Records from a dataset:
+---+

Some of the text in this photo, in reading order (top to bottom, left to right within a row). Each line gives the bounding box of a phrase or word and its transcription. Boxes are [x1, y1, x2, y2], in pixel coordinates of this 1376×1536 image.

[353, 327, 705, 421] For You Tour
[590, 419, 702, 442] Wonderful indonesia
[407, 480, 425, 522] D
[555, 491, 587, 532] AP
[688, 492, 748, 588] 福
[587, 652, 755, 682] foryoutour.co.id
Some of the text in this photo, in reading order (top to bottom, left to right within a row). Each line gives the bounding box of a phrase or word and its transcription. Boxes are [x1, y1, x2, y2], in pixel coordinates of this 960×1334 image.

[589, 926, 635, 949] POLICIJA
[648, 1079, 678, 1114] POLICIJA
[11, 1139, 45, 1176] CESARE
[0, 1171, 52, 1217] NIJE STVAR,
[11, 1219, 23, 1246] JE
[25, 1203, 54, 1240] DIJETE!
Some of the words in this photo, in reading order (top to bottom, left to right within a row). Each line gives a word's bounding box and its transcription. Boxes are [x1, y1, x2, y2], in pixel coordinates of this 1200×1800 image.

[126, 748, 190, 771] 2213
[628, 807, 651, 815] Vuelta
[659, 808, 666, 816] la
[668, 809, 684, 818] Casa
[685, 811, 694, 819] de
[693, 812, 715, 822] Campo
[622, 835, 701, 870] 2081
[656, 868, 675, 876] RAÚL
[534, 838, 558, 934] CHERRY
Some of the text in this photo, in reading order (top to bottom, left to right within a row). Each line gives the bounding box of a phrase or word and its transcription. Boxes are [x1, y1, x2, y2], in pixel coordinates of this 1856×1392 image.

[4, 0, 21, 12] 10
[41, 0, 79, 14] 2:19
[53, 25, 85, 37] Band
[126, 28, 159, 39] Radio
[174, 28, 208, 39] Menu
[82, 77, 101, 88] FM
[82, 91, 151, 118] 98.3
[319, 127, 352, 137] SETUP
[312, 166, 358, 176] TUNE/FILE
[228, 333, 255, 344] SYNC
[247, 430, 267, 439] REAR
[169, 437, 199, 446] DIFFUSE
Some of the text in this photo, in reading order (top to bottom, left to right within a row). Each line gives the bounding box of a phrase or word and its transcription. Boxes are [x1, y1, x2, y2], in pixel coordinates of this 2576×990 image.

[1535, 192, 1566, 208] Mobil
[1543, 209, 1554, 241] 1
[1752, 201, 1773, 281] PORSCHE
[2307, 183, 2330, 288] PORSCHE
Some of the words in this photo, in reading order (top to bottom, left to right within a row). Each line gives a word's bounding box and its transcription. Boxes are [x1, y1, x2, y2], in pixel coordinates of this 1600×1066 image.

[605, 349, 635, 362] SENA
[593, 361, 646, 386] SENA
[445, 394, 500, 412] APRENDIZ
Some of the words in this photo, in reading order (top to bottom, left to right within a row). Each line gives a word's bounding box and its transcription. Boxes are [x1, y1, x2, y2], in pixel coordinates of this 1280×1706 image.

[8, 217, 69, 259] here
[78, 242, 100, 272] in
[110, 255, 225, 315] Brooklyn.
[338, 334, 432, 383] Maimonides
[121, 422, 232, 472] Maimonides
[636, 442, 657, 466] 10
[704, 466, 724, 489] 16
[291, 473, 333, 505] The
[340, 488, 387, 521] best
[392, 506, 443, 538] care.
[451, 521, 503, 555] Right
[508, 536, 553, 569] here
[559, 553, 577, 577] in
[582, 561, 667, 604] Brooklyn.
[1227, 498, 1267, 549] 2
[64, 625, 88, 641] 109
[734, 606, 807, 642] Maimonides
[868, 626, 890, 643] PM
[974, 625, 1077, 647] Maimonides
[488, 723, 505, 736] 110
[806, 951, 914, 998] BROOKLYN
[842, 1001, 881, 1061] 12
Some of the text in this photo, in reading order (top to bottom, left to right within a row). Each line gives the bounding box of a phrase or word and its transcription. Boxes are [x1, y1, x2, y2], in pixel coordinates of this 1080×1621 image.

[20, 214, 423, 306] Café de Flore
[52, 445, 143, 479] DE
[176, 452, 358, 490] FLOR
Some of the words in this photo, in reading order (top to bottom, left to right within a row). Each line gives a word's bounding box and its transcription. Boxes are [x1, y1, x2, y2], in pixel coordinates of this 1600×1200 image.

+---+

DIRECTIONS FOR THIS TASK: Transcribe each entry exactly.

RESPONSE TO THIS EXERCISE:
Some of the text in this photo, in reading order (top to bottom, left to right within a row). Each line gives the bounding box of a phrase or word and its transcription. Boxes are [x1, y1, x2, y2], in pixel coordinates of this 1376×1536 image.

[353, 327, 705, 421] For You Tour
[590, 419, 702, 442] Wonderful indonesia
[407, 480, 425, 522] D
[555, 491, 587, 532] AP
[688, 492, 748, 588] 福
[587, 652, 755, 682] foryoutour.co.id
Some of the text in this photo, in reading order (top to bottom, left to right within a row). Each line gives the bounding box of a phrase or word and its transcription. Boxes are [x1, y1, x2, y2], in pixel coordinates of this 960×1334 image.

[589, 926, 635, 949] POLICIJA
[648, 1079, 678, 1114] POLICIJA
[11, 1139, 45, 1176] CESARE
[0, 1171, 52, 1217] NIJE STVAR,
[11, 1219, 23, 1246] JE
[25, 1203, 54, 1240] DIJETE!
Some of the words in this photo, in reading order (top to bottom, left to right within a row). Each line gives a word's bounding box and its transcription. Boxes are [x1, y1, x2, y2], in pixel coordinates of this 1200×1800 image.

[126, 748, 190, 771] 2213
[628, 807, 651, 815] Vuelta
[659, 808, 666, 816] la
[668, 809, 684, 818] Casa
[685, 811, 694, 819] de
[693, 812, 715, 822] Campo
[622, 835, 701, 870] 2081
[656, 868, 675, 876] RAÚL
[534, 838, 558, 934] CHERRY
Some of the text in this photo, in reading order (top to bottom, left to right within a row). Each line gives the bounding box of a phrase or word and its transcription. Boxes are [x1, y1, x2, y2], in pixel coordinates of this 1856×1392 image.

[4, 0, 21, 12] 10
[41, 0, 79, 14] 2:19
[53, 25, 85, 37] Band
[126, 28, 159, 39] Radio
[174, 28, 208, 39] Menu
[82, 77, 101, 88] FM
[82, 91, 151, 118] 98.3
[319, 127, 352, 137] SETUP
[312, 166, 358, 176] TUNE/FILE
[228, 333, 255, 344] SYNC
[247, 430, 267, 439] REAR
[169, 437, 199, 446] DIFFUSE
Some of the text in this photo, in reading order (top to bottom, left to right within a row). Each line gives the bounding box of a phrase or word and its transcription. Boxes are [x1, y1, x2, y2], in pixel coordinates of this 2576×990 image.

[1535, 192, 1566, 208] Mobil
[1543, 209, 1554, 241] 1
[1752, 201, 1773, 281] PORSCHE
[2307, 183, 2330, 288] PORSCHE
Some of the words in this photo, in reading order (top to bottom, left to right within a row). Each line gives a word's bounding box and its transcription. Boxes are [x1, y1, x2, y2], in pixel coordinates of this 1600×1066 image.

[605, 349, 635, 362] SENA
[593, 361, 646, 386] SENA
[445, 394, 500, 412] APRENDIZ
Some of the words in this photo, in reading order (top to bottom, left to right within a row). Each line gives a word's bounding box and its transcription. Boxes are [x1, y1, x2, y2], in pixel coordinates of this 1280×1706 image.

[8, 217, 69, 259] here
[78, 242, 100, 272] in
[110, 255, 225, 315] Brooklyn.
[338, 334, 432, 383] Maimonides
[121, 422, 232, 472] Maimonides
[636, 442, 657, 466] 10
[704, 466, 724, 489] 16
[291, 473, 333, 505] The
[340, 488, 387, 521] best
[392, 506, 443, 538] care.
[451, 521, 503, 555] Right
[508, 536, 553, 569] here
[559, 553, 577, 577] in
[582, 561, 667, 604] Brooklyn.
[1227, 498, 1267, 549] 2
[64, 625, 88, 641] 109
[734, 606, 807, 642] Maimonides
[868, 626, 890, 643] PM
[974, 625, 1077, 647] Maimonides
[488, 723, 505, 736] 110
[806, 951, 914, 998] BROOKLYN
[842, 1001, 881, 1061] 12
Some of the text in this photo, in reading order (top to bottom, left to right within a row). Each line gives the bounding box of a phrase or word and its transcription. Boxes are [x1, y1, x2, y2], in pixel coordinates of this 1080×1621 image.

[20, 214, 423, 306] Café de Flore
[52, 445, 143, 479] DE
[176, 452, 358, 490] FLOR
Some of the words in this photo, in reading order (top to bottom, left to right within a row). Each line gives a word's bounding box and its transcription. Boxes are [x1, y1, x2, y2], in pixel coordinates of this 1600×1200 image.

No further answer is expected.